The uncertainty surrounding data center growth is arguably the single largest hurdle we face, as these massive loads can appear much faster than we can build a transmission line. To manage this, we are tightening our analysis by placing potential large loads into specific tiers that reflect how likely they are to actually be built, which helps us ignore the purely speculative noise. You often hear stories of developers requesting hundreds of megawatts for a site that is little more than a dirt lot, while the utility is expected to commit to infrastructure that takes a decade to permit and build. This misalignment creates a “planning fog” where we are trying to hit a moving target with a very slow-moving arrow. By using industry reports to refine these tiers, we hope to ground our forecasts in reality rather than chasing every hypothetical data center that crosses a planner’s desk.
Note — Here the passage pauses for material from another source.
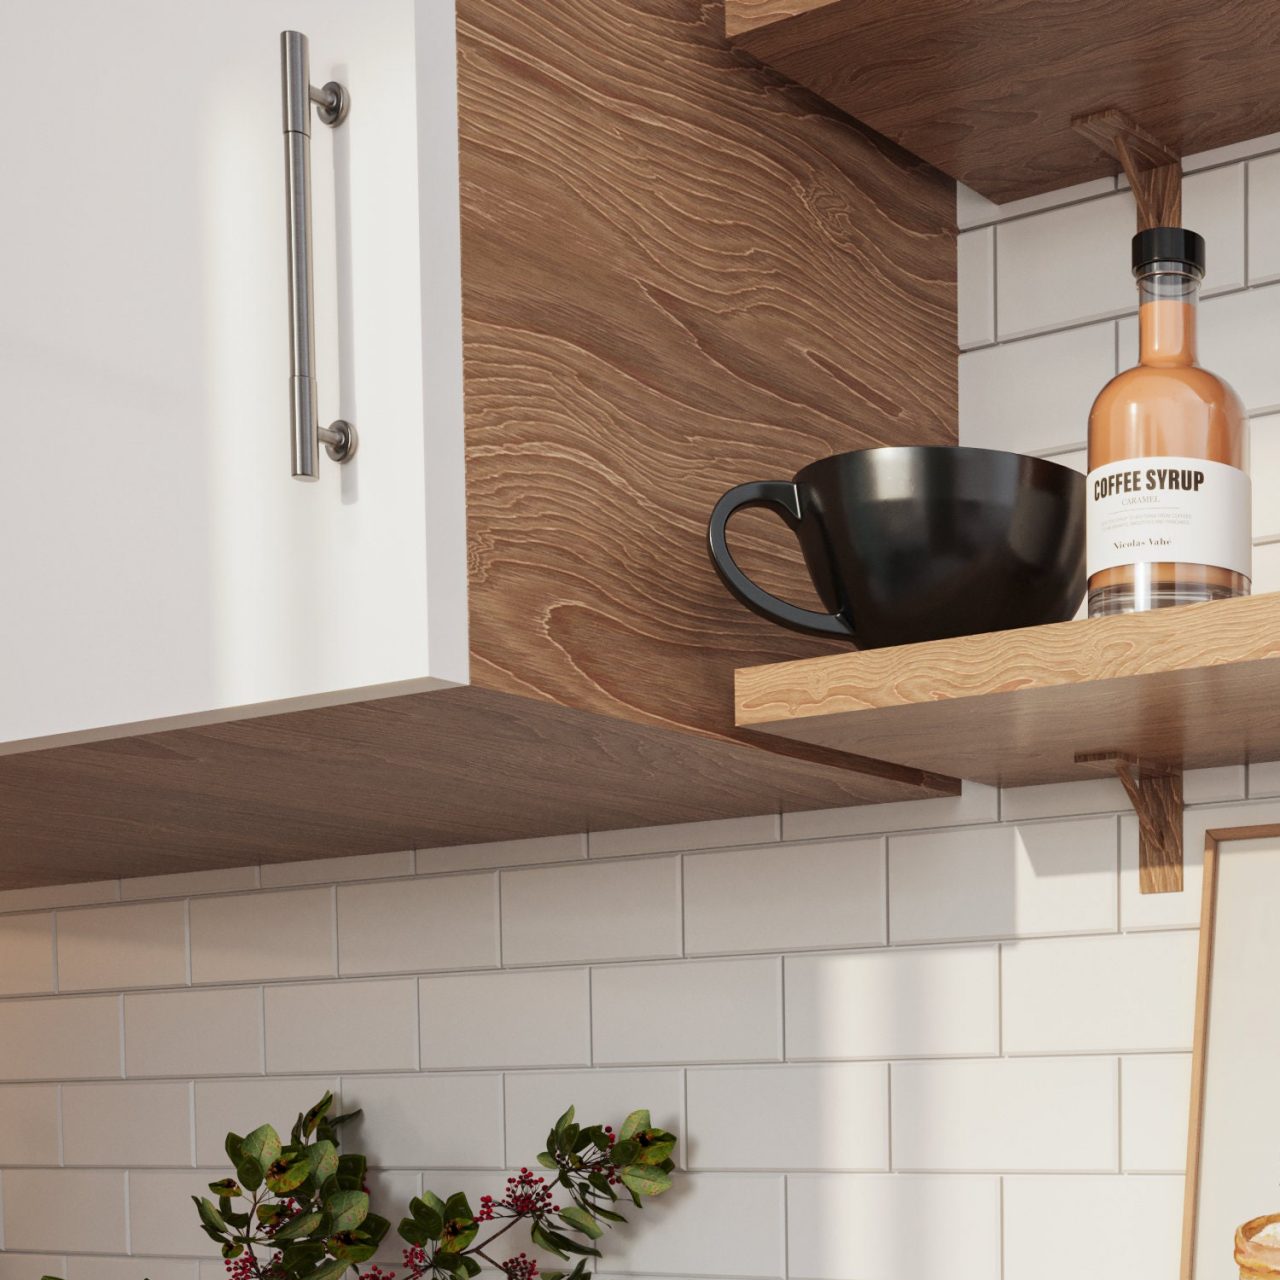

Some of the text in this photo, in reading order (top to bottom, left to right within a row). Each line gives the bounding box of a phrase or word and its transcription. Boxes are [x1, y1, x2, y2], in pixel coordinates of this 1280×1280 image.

[1094, 469, 1205, 502] COFFEE SYRUP
[1113, 539, 1146, 550] Nicolas
Reliability assessments are shifting from simple reserve margin targets to analyzing outage probabilities for every hour of the year. What necessitated this transition in modeling, and how will this granular data change the way utilities prioritize investments in battery storage versus traditional baseload power?

The transition to hourly modeling was necessitated by the fact that our grid is no longer just about meeting a single summer peak; risk is now distributed across all 8,760 hours of the year. In the past, having a 15% reserve margin felt safe, but in a world with variable wind and solar, you could have a surplus at noon and a deficit at 7:00 PM. This granular data is a game-changer for battery storage because it highlights exactly which hours are the most vulnerable, proving that even a four-hour battery can be more valuable than a baseload plant if it’s deployed at the right moment. It forces utilities to stop looking at capacity as a monolith and start looking at it as a flexible toolkit. When we see the probabilities of outages shifting into the winter or the shoulder months, it completely rewrites the investment strategy for what kind of “insurance” the grid needs to buy.

What is your forecast for power grid reliability over the next five years?

My forecast is one of “elevated caution,” as most of North America currently sits at high to elevated risk for power outages through 2028. The data shows a persistent “red swath” of risk, particularly in the MISO region, where the combination of retiring traditional units and the slow pace of new transmission creates a very narrow margin for error. While the addition of 28 GW of expedited generation and nearly 1 GW of wind will certainly help, the next five years will be a race against time to see if infrastructure can keep up with the explosive demand from new technologies. We are likely to see a continued reliance on emergency federal orders to bridge the gap, meaning the grid will remain in a state of transition that feels both frantic and necessary. Success will depend entirely on how well we can coordinate state regulators, grid operators, and federal agencies to ensure that our new energy mix is as firm and dependable as the one we are leaving behind.